Directions for this task: Apart from the pictures, write out the records that follow exactly.

Available data:
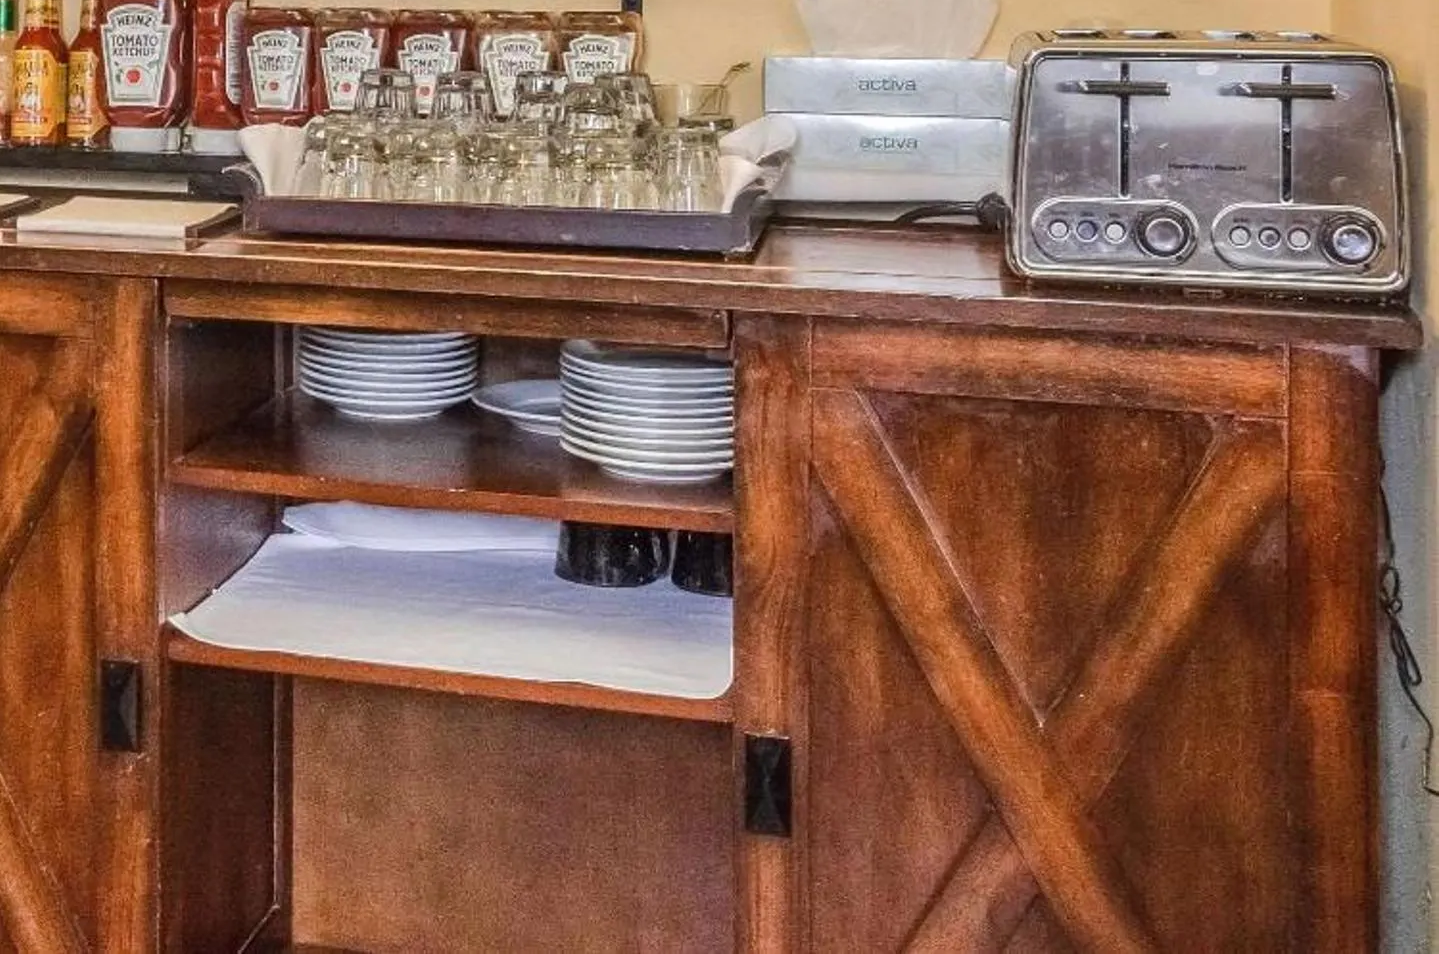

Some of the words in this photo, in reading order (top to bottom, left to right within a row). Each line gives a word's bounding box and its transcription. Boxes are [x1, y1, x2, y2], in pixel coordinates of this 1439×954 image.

[115, 14, 155, 27] HEINZ
[111, 33, 159, 47] TOMATO
[858, 76, 917, 92] activa
[860, 136, 919, 150] activa
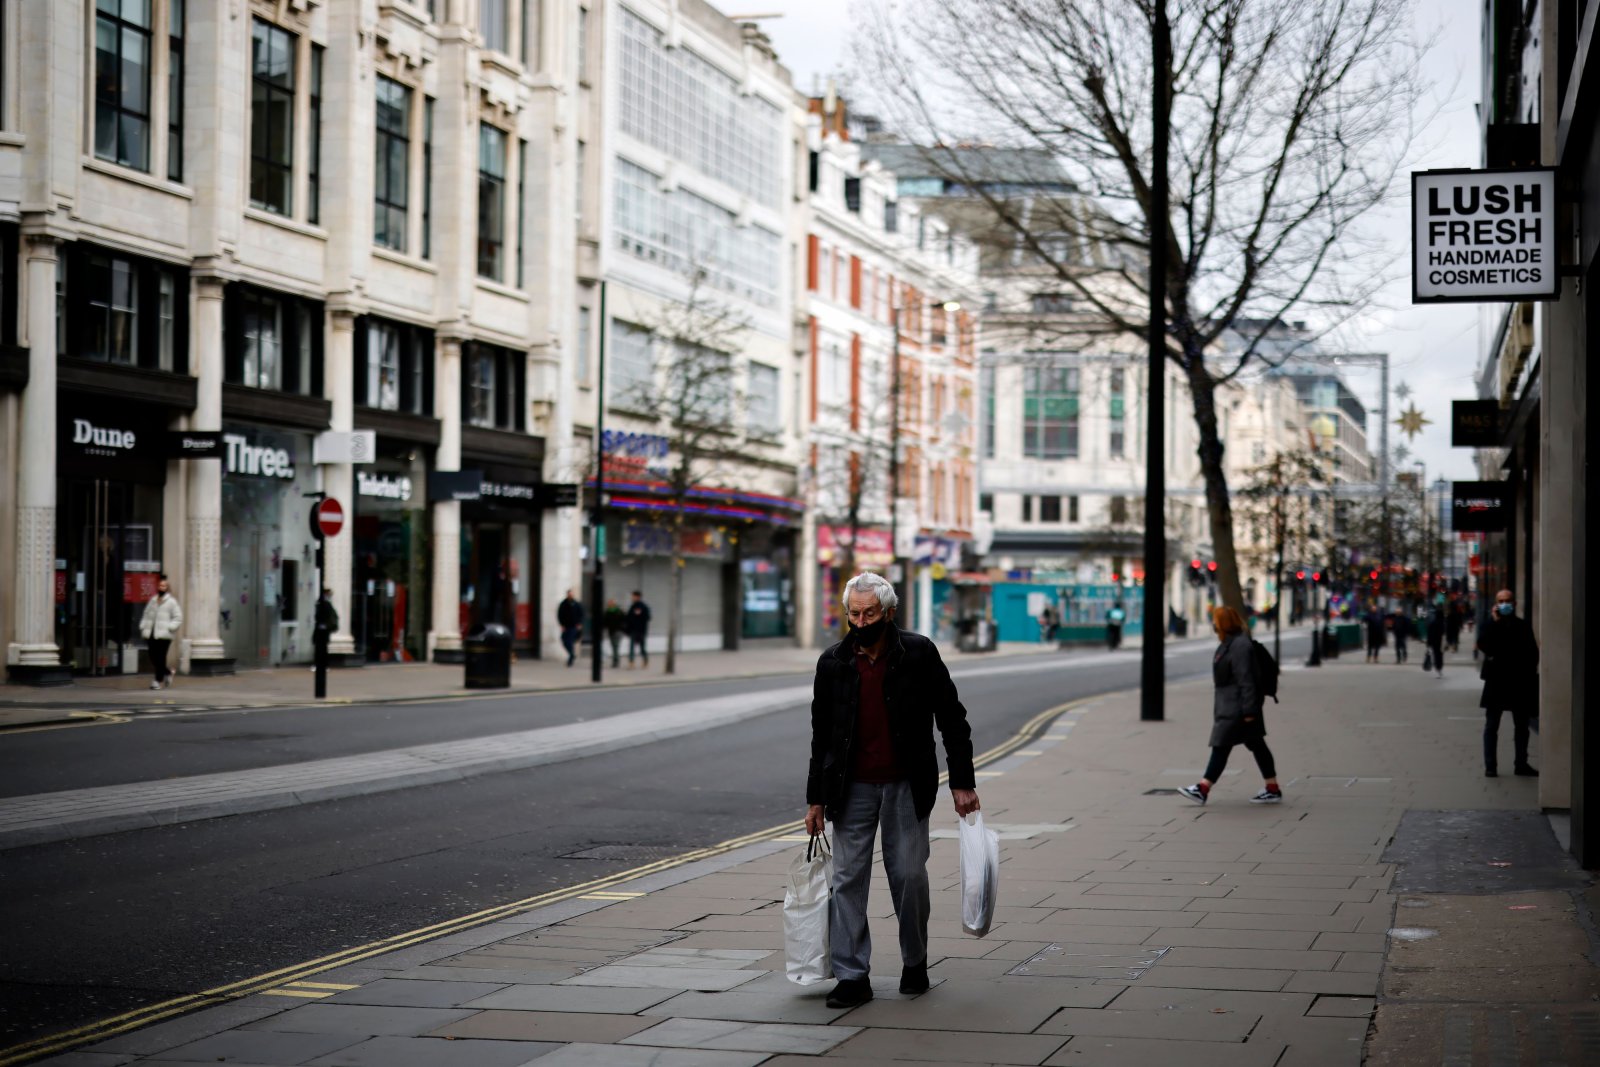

Solution:
Some of the words in this photo, in reading order (top to bottom, left to right within a row). Each line gives a word's bounding box and its transcription. Boxes are [x1, y1, x2, y2], in pixel coordinates of this 1439×954 image.

[115, 14, 155, 27] HEINZ
[111, 33, 159, 47] TOMATO
[858, 76, 917, 92] activa
[860, 136, 919, 150] activa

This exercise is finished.